Another movie I watched off my DVR recently that's available on DVD is Hell's Angels.

This one is relatively formulaic, although it's a good formula. Sensible Roy (James Hall) and passionate Monte (Ben Lyon) are brothers and students at Oxford with their German classmate Karl (John Darrow) circa 1914. As you can guess from the year, the Great War (it wasn't World War I yet during the storyline and the movie was released in 1930 so even then there was no World War II) is about to start, splitting the brothers and Karl. Karl gets drafted into the German forces, while Roy and Monte sign up for the air corps.

Meanwhile, Roy and Monte meet Helen (Jean Harlow), both falling in love with her and providing romantic tension. Roy loves Helen although the feeling isn't mutual; she wants somebody more passionate. But that someone doesn't seem to be Monte.

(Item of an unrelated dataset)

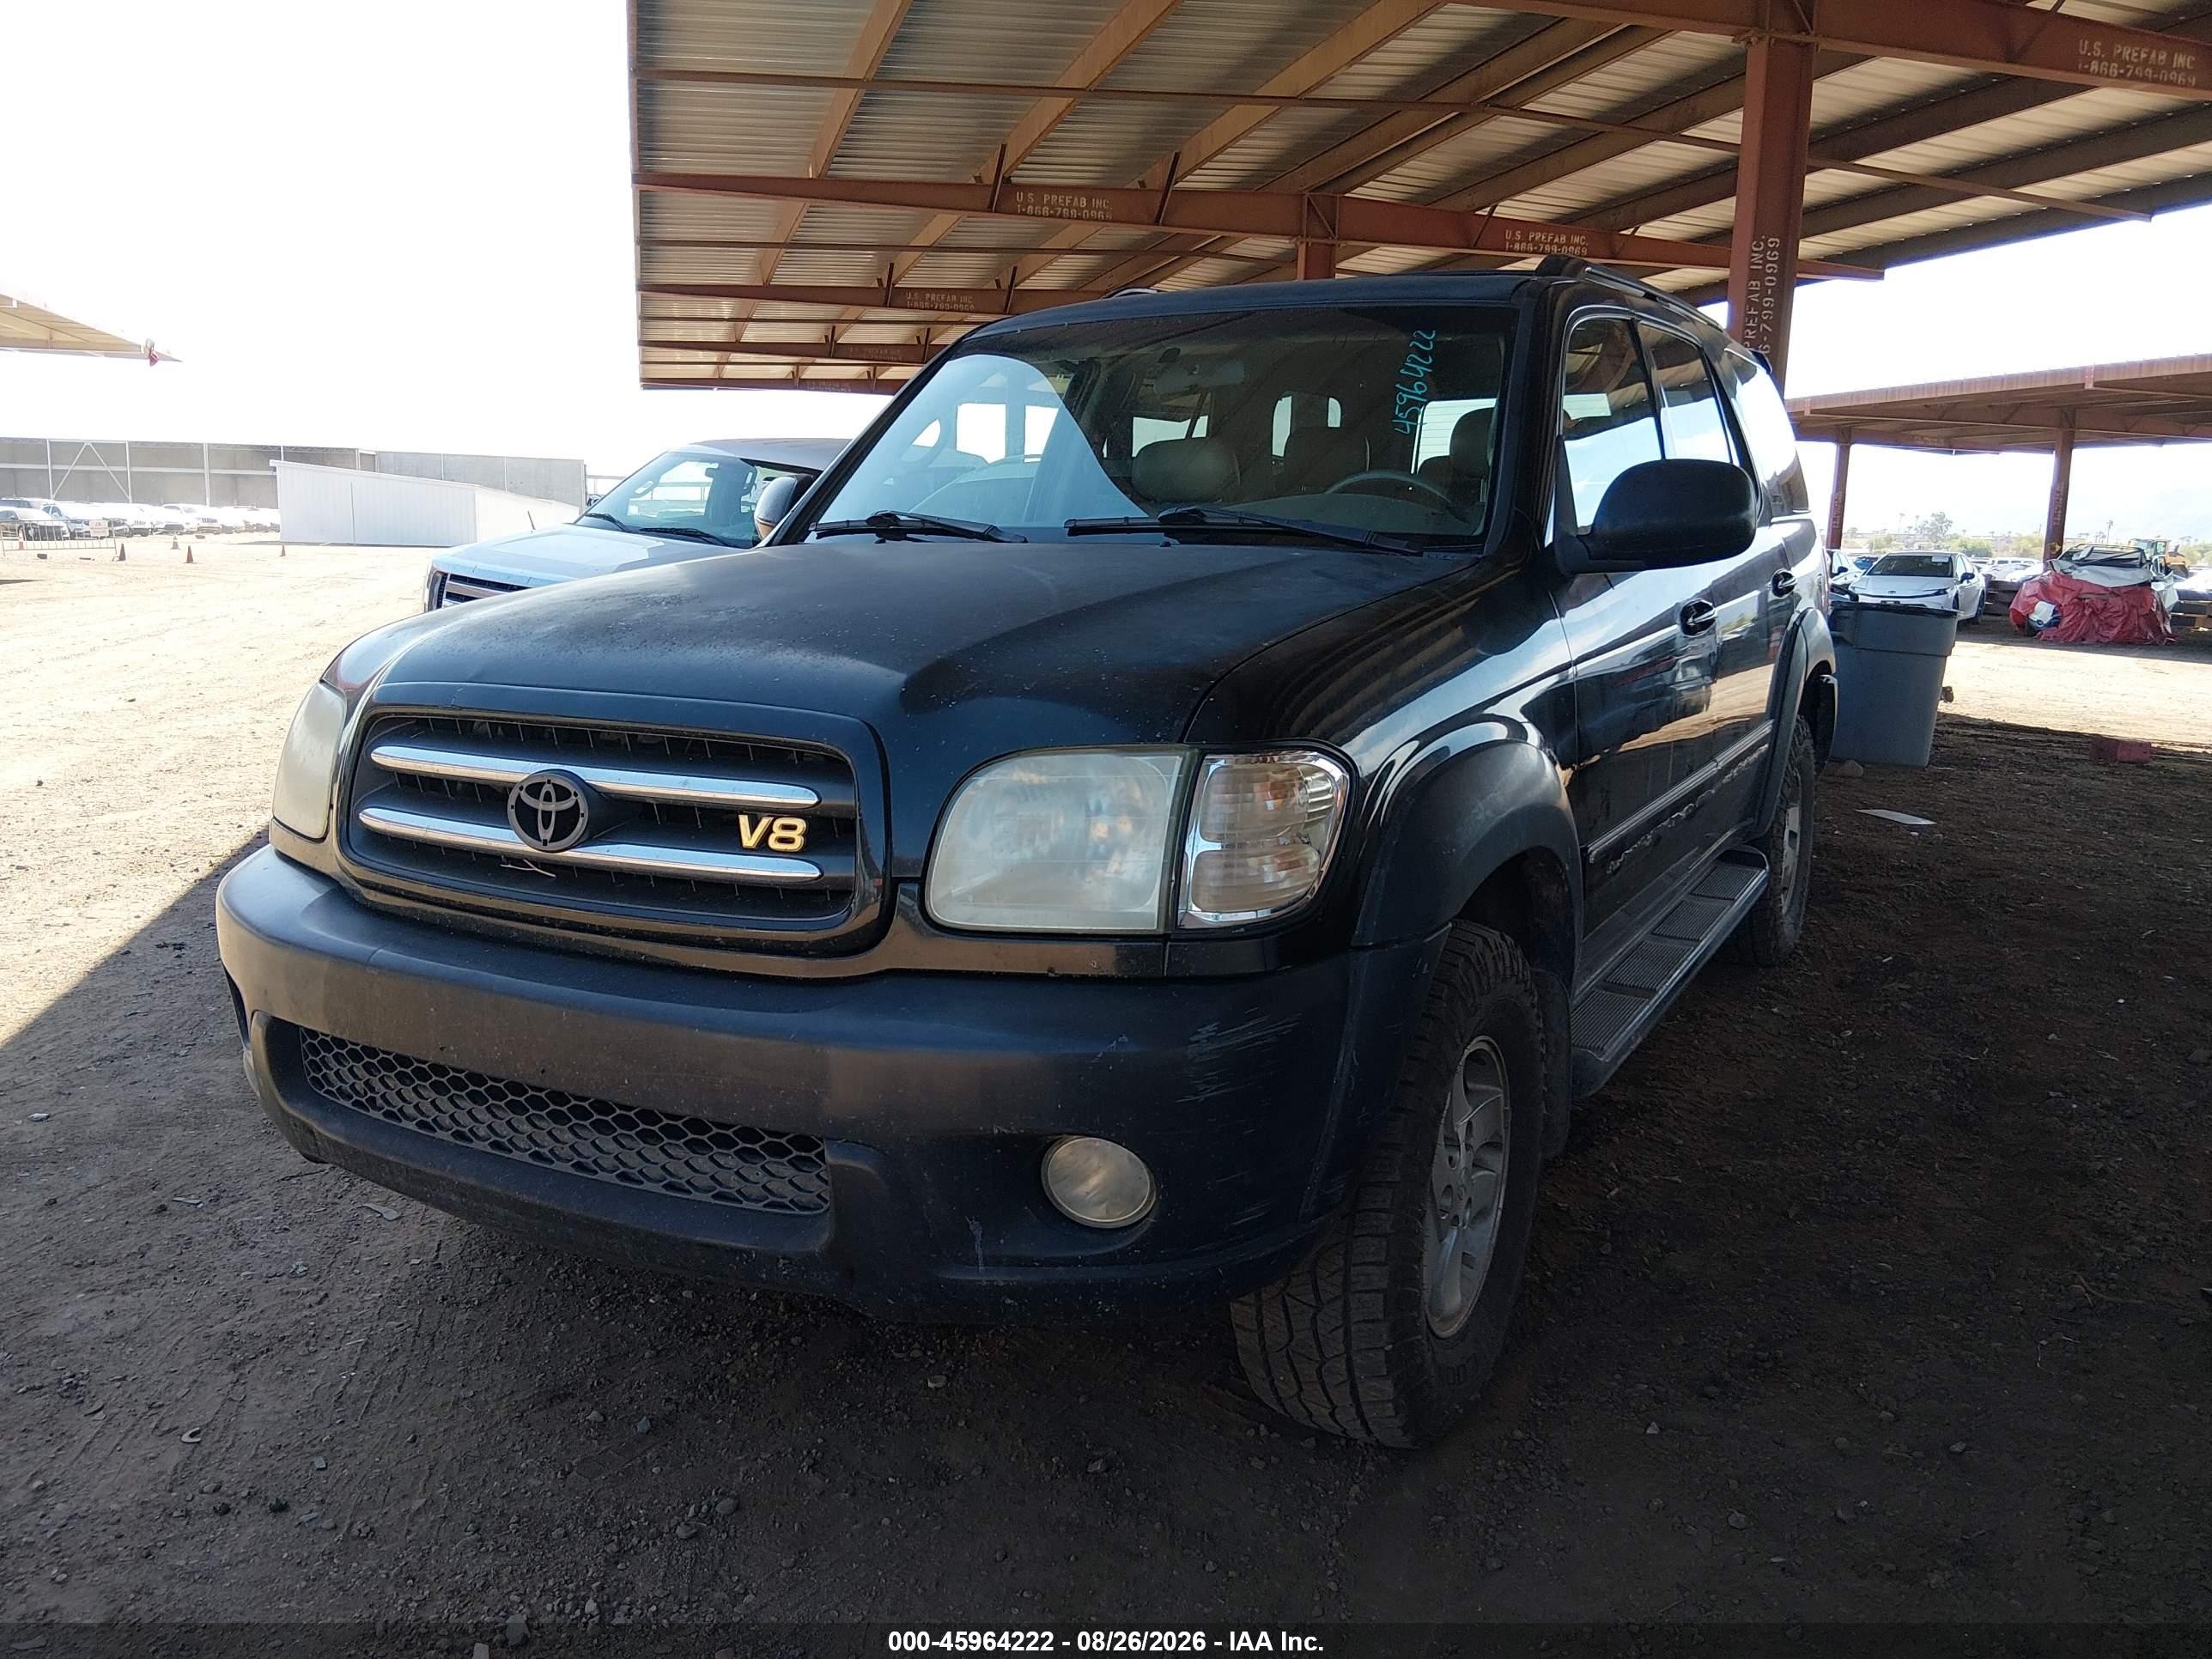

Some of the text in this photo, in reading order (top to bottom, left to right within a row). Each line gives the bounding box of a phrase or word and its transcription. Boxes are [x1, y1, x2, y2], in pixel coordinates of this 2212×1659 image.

Karl takes part -- very reluctantly -- in a zeppelin attack on London, while Roy and Monte wind up in France. Monte, in order to redeem himself after being declared a coward, takes on a dangerous mission with his brother that would have both of them declared spies if their plane gets shot down.

There's not much to say about Hell's Angels, I suppose, that I couldn't say about any other war movie. I don't think I can even say it created any of the tropes, since there were buddy war movies like Wings and Two Arabian Knights that had already been made. Having said that, however, Hell's Angels is still pretty good.

For one thing, there's that zeppelin attack. It goes on too long, but a lot of it is pretty harrowing. Especially when the movie decides it's going to propagandize by showing the Germans to be monsters during the scene. I couldn't help but think of the character in 49th Parallel who just wanted to be a baker and bake bread.

There's also a two-strip Technicolor scene that, as I understand it, has the only surviving color footage of Jean Harlow. At first it surprised me that they'd use a soldiers' ball for the big Technicolor scene, but then I'd guess there were technical limitations on using it for any of the outdoor or flight scenes. The color, I thought, was quite good for two-strip.

The aerial scenes are also quite good. Howard Hughes assembled a ridiculous number of aircraft and pilots to do the aerial scenes, and the quality shows. It's as good as anything you'll see in Wings.

Finally, there's the ending, which I won't give away, but it's realistic and handled well. Overall, I can certainly recommend Hell's Angels.